WHAT THE TASK ASKS
Beginning with the first line below, output every record verbatim and leave out the images.

TASK MATERIAL
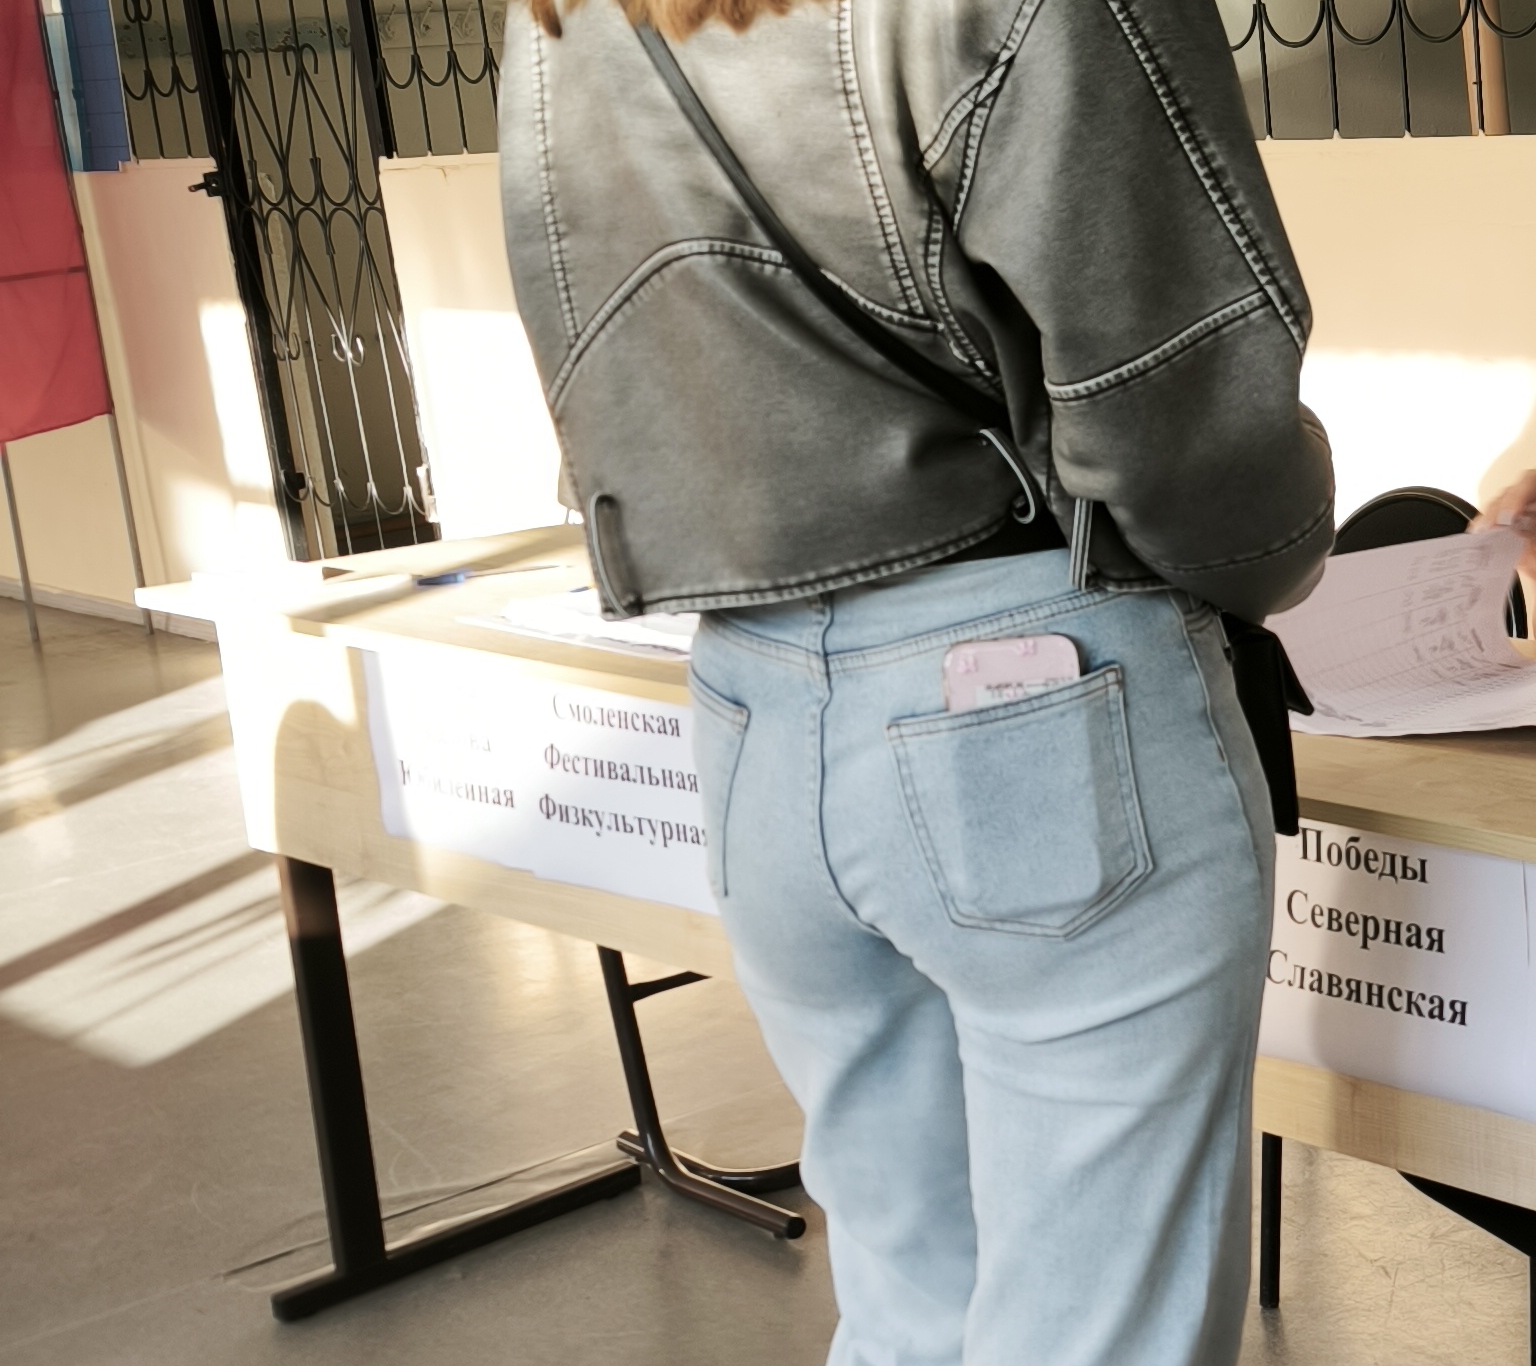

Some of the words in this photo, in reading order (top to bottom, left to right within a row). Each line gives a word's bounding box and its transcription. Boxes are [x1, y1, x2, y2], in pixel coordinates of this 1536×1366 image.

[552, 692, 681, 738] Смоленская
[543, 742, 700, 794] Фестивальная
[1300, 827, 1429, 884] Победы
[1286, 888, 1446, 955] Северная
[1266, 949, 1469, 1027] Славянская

YOUR SOLUTION
Some of the words in this photo, in reading order (top to bottom, left to right within a row). Each line gives a word's bounding box and its transcription. Boxes are [x1, y1, x2, y2], in pixel coordinates of this 1536×1366 image.

[552, 692, 681, 738] Смоленская
[543, 742, 700, 794] Фестивальная
[1300, 827, 1429, 884] Победы
[1286, 888, 1446, 955] Северная
[1266, 949, 1469, 1027] Славянская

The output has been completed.